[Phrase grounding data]
━━━━━━━━
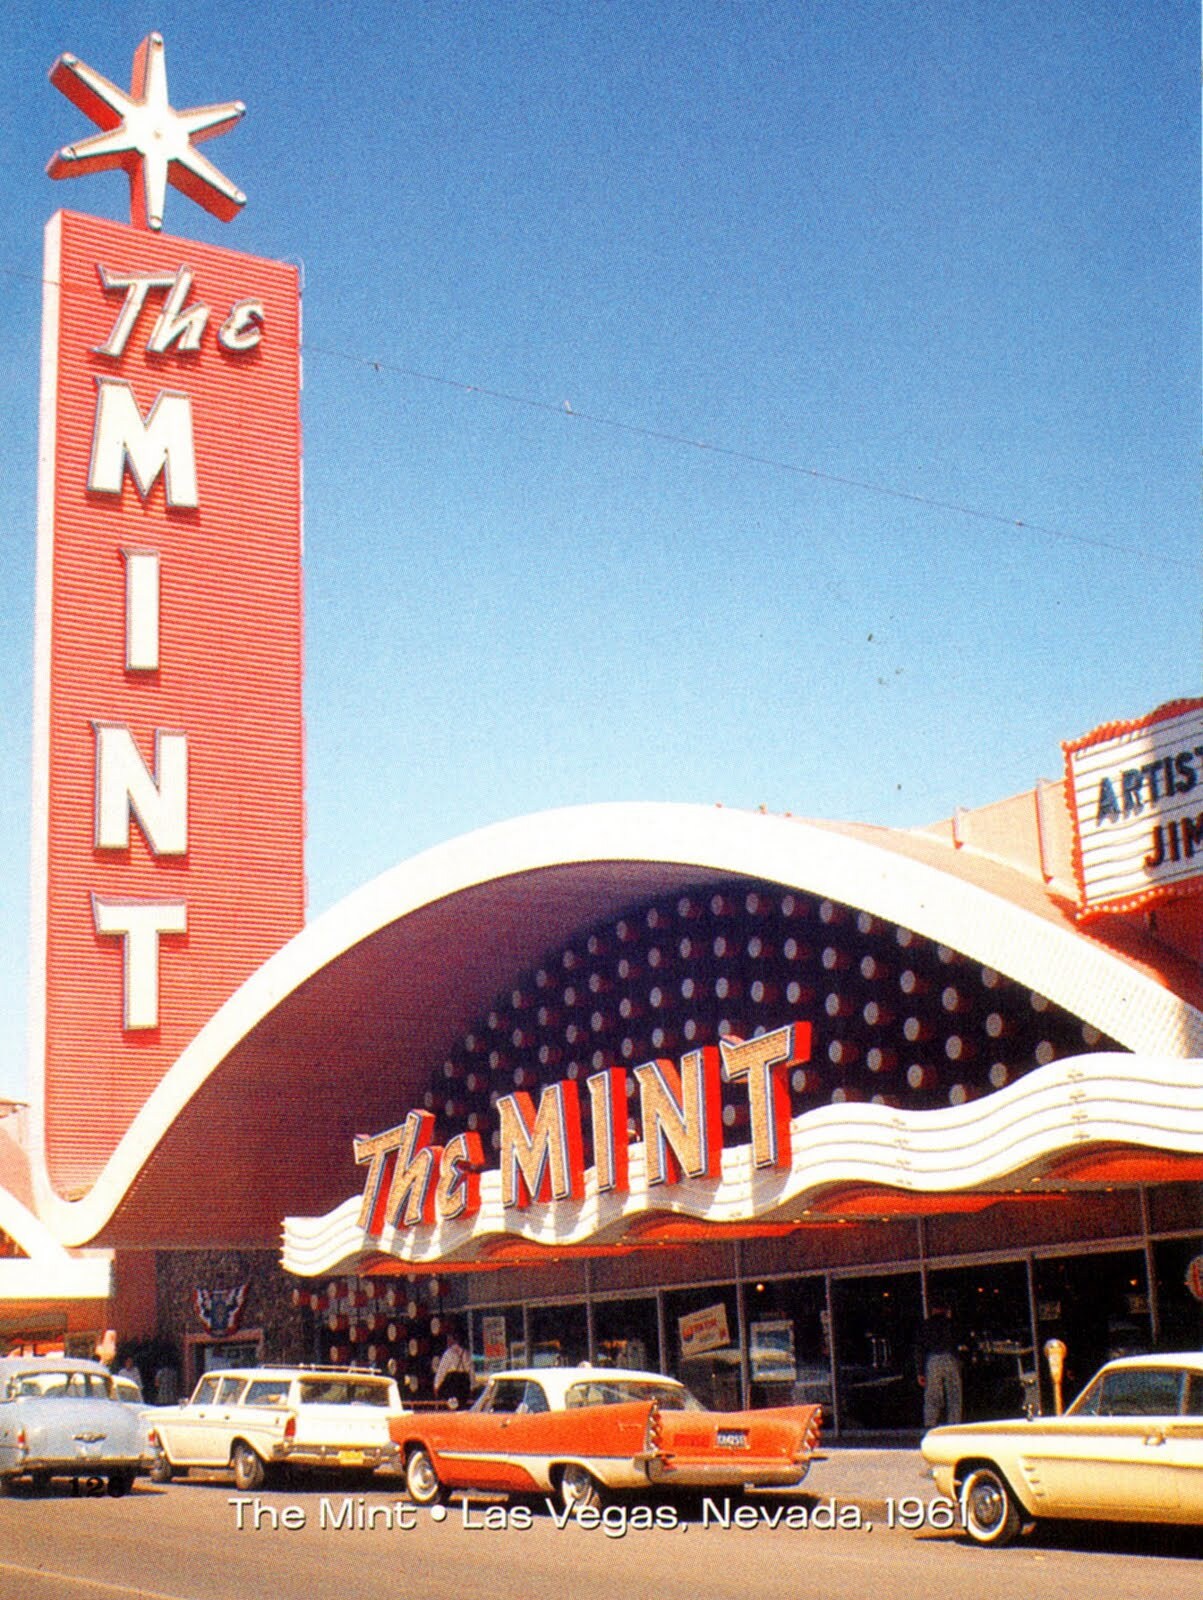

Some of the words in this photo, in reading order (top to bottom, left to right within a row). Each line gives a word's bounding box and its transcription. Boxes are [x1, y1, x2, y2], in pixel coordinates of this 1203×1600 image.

[91, 263, 266, 356] The
[87, 376, 199, 1031] MINT
[1096, 746, 1203, 827] ARTIS
[353, 1110, 480, 1235] The
[497, 1022, 808, 1208] MINT
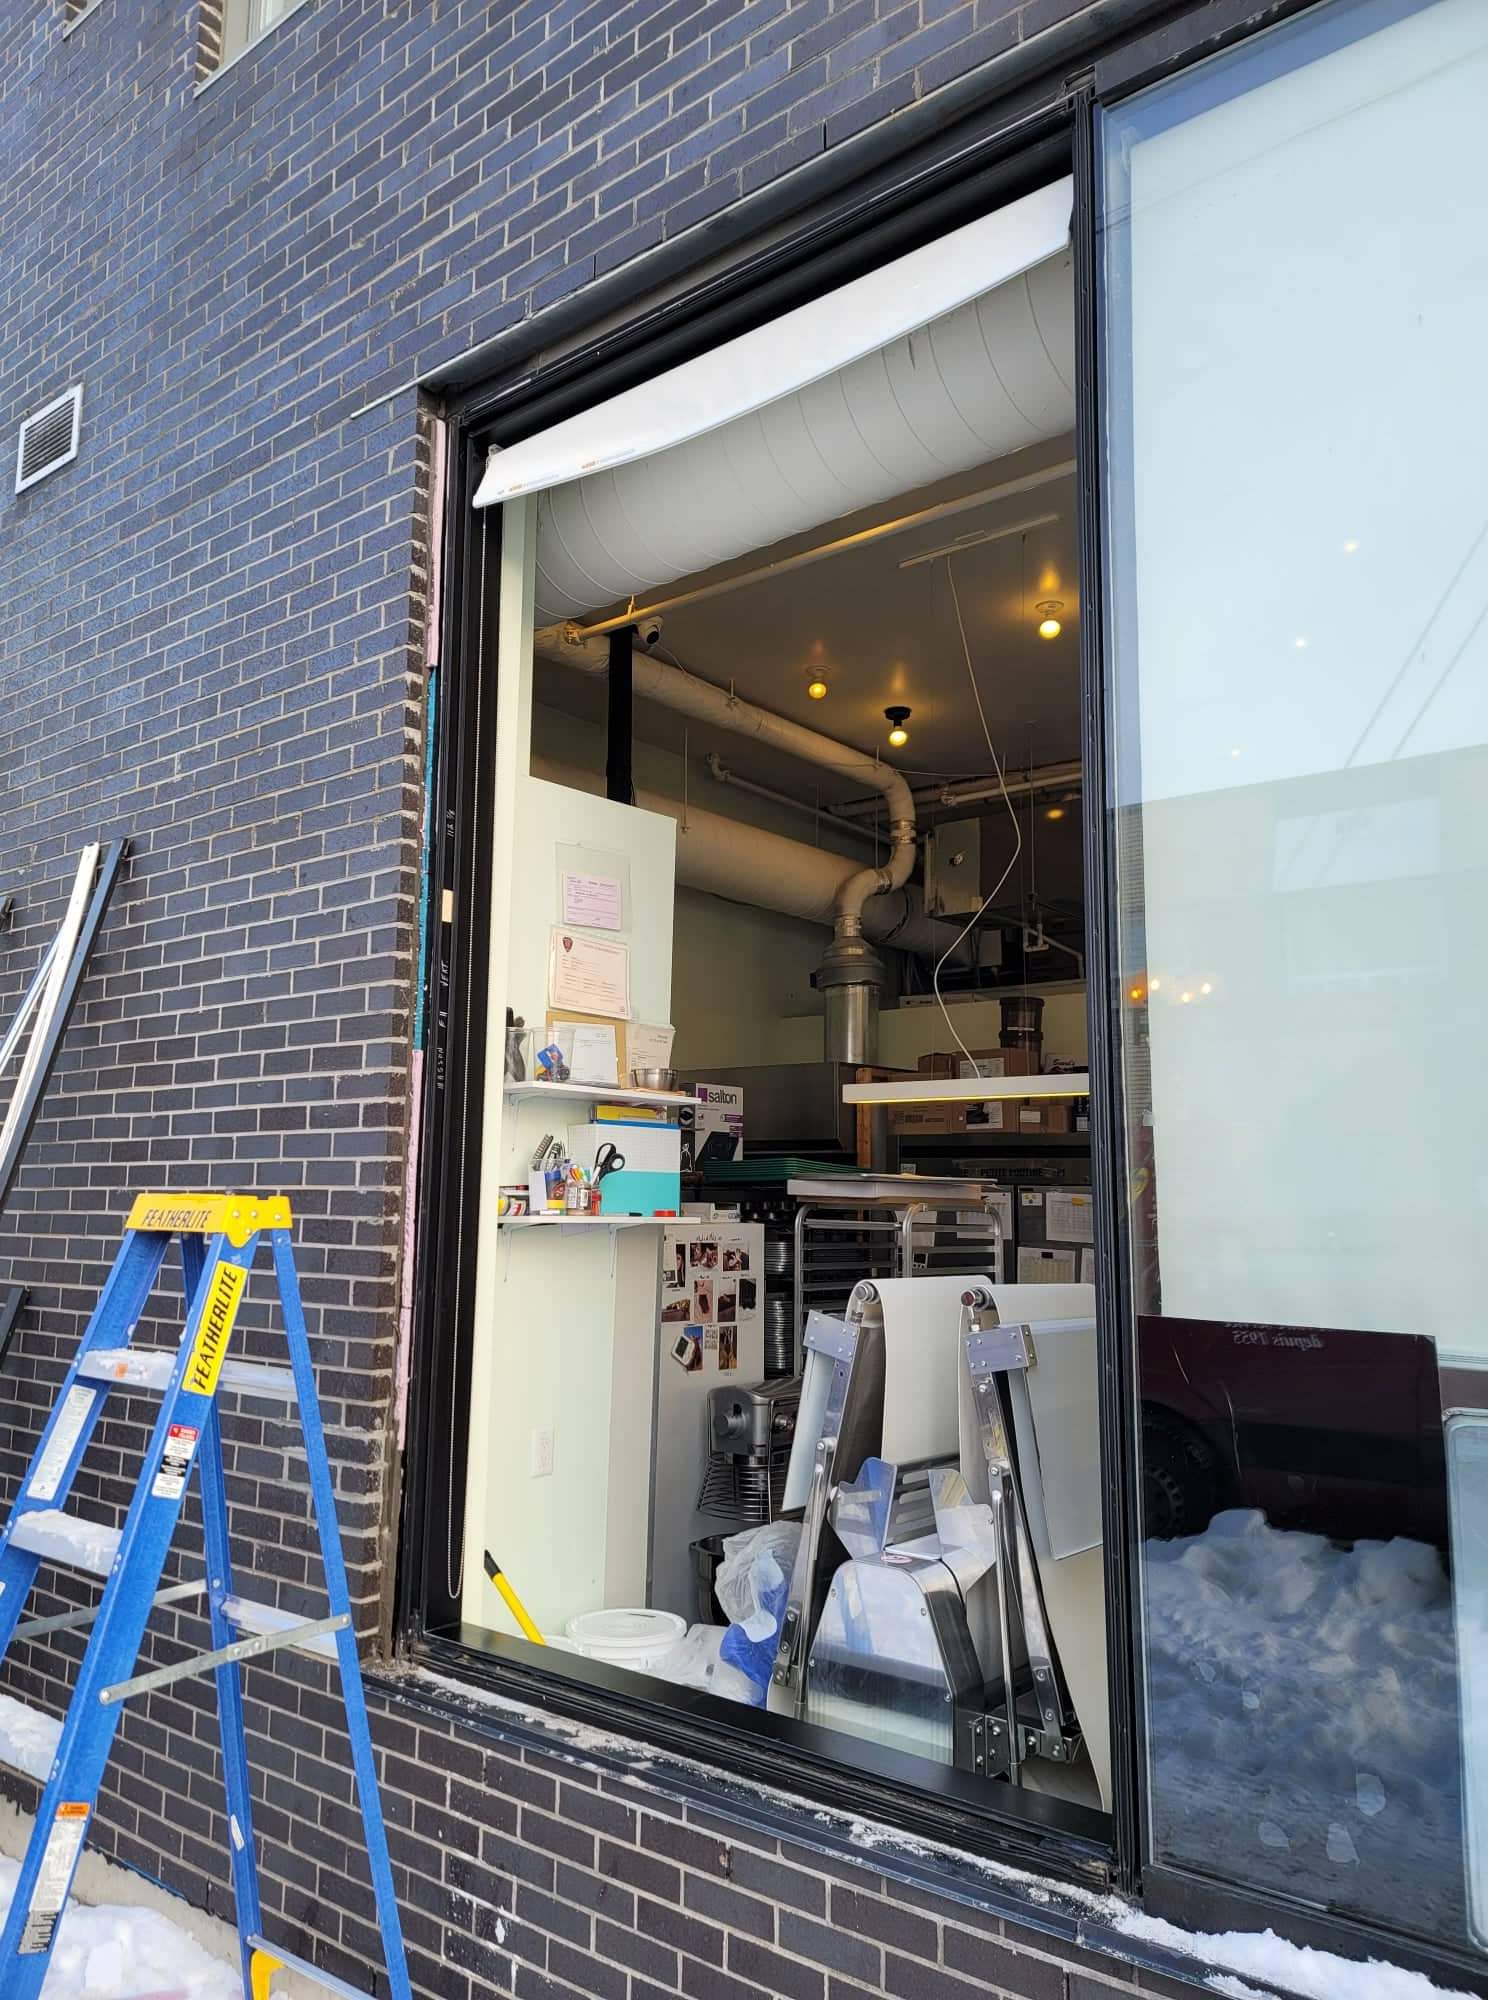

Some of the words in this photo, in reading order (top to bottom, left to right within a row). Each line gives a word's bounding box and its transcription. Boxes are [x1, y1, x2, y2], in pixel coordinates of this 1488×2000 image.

[708, 1089, 737, 1104] salton
[142, 1208, 212, 1228] FEATHERLITE
[191, 1266, 238, 1391] FEATHERLITE
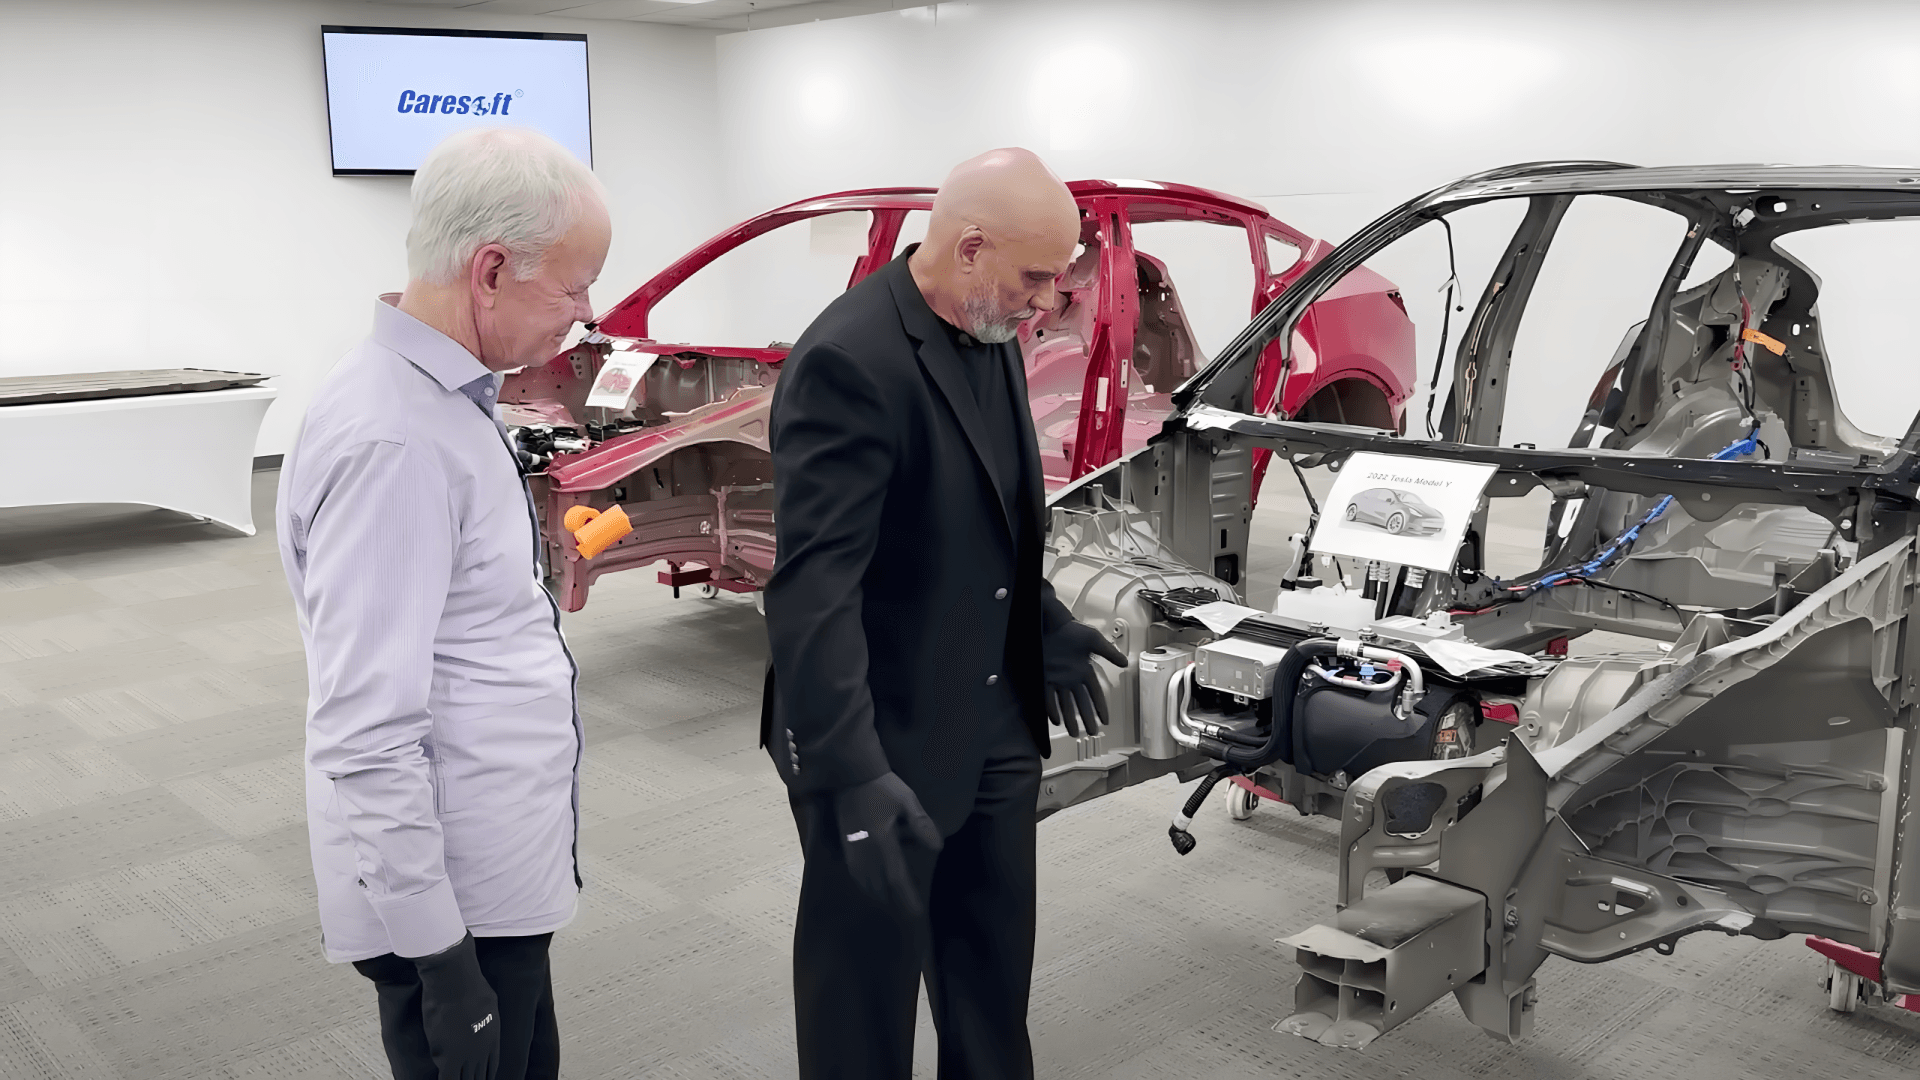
━━━━━━━━
* _TASK TO CARRY OUT_
Leave every image out and retype the entries above word for word.

* _WRITTEN SOLUTION_
Some of the words in this photo, in reading order (top to bottom, left to right within a row). Each line gives a word's bounding box and its transcription. Boxes are [x1, y1, x2, y2], in pixel coordinates of this 1203×1600 image.

[91, 263, 266, 356] The
[87, 376, 199, 1031] MINT
[1096, 746, 1203, 827] ARTIS
[353, 1110, 480, 1235] The
[497, 1022, 808, 1208] MINT

Some of the words in this photo, in reading order (top to bottom, left to right within a row). Each line gives a word's bounding box and its transcription. Boxes are [x1, y1, x2, y2], in pixel coordinates of this 1488×2000 image.

[708, 1089, 737, 1104] salton
[142, 1208, 212, 1228] FEATHERLITE
[191, 1266, 238, 1391] FEATHERLITE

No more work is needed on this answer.